Chapter 11
Lauren Phillips stood at the kitchen island in her Sarasota home, staring at the calendar on the wall.
Thursday. Her mother was in Massachusetts by now, probably at Beth's farm, probably already fussing over her youngest daughter and counting down the hours until the twins arrived.
Chris and Becca were still on Captiva, but they would fly up soon too, once the babies came.
Michael and his family were a short drive from Boxford, ready to appear at a moment's notice.
Everyone was converging on Massachusetts. Everyone except her.
She picked up her coffee mug, found it empty, and set it down again.
Through the window, she could see the backyard, where Daniel's swing set sat unused in the morning light.
Her youngest was napping, worn out from a morning of toddler activities.
Olivia was at school, and Lily was at a friend's house, leaving the house unusually quiet.
Quiet enough to think. Quiet enough to feel the weight of the decision she had been avoiding.
Her grandmother's voice echoed in her memory. “This might be the last time. The last big family gathering at the Andover house. The last chance to walk through those rooms and remember what it was like when you were kids.”

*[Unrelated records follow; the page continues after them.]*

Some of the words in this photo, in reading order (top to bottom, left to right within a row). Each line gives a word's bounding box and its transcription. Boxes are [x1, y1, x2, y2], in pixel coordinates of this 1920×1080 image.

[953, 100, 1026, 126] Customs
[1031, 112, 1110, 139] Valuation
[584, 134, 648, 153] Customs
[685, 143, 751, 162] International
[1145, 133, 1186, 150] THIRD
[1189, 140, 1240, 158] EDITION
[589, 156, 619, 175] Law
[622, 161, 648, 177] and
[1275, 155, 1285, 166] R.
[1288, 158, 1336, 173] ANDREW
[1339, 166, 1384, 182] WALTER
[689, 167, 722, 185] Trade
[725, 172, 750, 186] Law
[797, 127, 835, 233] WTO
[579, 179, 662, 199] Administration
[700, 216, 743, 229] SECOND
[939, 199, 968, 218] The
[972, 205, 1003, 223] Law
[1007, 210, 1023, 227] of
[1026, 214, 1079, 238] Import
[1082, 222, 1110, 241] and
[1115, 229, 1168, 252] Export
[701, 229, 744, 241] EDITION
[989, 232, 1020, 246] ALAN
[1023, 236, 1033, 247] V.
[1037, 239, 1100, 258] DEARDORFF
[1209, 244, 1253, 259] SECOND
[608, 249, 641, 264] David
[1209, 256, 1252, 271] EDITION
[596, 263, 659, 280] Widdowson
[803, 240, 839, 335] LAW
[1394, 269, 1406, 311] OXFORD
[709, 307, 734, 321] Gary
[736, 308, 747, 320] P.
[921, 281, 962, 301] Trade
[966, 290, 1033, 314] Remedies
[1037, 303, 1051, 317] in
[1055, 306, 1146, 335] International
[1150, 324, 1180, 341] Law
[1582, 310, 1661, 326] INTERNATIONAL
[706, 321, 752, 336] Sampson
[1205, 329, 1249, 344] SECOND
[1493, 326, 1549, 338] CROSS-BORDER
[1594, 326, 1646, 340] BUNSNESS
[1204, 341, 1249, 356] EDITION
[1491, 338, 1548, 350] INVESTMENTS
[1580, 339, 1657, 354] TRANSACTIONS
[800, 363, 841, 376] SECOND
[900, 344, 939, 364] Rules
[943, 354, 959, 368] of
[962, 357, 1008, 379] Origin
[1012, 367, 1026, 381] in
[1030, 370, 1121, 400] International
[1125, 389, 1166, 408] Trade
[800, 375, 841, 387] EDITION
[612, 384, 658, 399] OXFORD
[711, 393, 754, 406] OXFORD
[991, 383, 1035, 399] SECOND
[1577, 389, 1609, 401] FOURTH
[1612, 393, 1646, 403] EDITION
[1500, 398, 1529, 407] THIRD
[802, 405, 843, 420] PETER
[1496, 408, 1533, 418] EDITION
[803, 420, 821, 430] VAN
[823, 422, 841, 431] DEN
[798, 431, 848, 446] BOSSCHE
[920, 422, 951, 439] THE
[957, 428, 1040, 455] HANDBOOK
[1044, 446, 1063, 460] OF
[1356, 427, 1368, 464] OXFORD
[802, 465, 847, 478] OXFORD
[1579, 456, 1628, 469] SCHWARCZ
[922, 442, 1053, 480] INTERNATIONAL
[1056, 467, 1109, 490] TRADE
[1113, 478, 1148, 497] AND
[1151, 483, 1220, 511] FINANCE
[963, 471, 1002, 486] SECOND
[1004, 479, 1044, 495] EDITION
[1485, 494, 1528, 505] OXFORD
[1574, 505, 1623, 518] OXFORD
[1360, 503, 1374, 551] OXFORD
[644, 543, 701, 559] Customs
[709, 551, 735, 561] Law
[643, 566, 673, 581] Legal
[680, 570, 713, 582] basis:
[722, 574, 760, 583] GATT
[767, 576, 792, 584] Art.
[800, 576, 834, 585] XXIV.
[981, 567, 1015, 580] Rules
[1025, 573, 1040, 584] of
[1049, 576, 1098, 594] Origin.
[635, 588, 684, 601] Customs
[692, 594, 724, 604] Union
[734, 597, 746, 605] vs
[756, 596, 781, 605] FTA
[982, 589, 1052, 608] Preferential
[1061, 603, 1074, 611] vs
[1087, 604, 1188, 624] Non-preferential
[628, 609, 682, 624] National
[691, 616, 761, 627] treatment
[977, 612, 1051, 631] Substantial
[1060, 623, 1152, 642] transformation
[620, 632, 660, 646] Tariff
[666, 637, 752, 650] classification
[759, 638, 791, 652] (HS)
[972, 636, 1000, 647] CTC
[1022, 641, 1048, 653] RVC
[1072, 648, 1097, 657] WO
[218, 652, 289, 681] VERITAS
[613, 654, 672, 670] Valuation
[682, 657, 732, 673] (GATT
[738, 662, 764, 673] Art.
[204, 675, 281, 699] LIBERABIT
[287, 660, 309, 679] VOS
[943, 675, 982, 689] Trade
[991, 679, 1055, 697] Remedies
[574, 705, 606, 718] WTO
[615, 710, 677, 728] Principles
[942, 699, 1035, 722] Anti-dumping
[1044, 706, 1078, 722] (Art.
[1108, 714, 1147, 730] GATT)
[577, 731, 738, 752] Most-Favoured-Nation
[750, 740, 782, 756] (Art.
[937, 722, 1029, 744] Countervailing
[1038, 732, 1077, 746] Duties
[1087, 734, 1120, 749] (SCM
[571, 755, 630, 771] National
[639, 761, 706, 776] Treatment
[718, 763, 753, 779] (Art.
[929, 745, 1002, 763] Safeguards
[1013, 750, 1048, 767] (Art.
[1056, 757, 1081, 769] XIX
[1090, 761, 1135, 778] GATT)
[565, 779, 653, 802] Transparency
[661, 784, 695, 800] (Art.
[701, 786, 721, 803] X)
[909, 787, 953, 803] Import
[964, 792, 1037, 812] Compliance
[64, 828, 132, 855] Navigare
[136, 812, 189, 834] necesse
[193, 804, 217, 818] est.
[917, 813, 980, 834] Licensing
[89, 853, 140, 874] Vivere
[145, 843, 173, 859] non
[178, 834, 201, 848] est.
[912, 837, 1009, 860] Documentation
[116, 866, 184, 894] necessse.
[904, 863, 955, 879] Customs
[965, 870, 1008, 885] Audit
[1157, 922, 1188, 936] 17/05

Lauren had told her and Jeff she’d think about it. But thinking had become stalling, and stalling had become avoidance, and now here she was, standing in her kitchen while her family gathered a thousand miles away.
Her phone buzzed on the counter. A text from her sister Sarah.
Mom just sent a picture. Beth looks ready to pop. Also exhausted. Also happy. You should see it.
A moment later, the picture arrived. Beth on the farmhouse sofa, her belly impossibly large, their mother beside her with an arm around her shoulders. Both of them smiled for the camera, though Beth's face had the strained quality of someone who hadn't slept well in weeks.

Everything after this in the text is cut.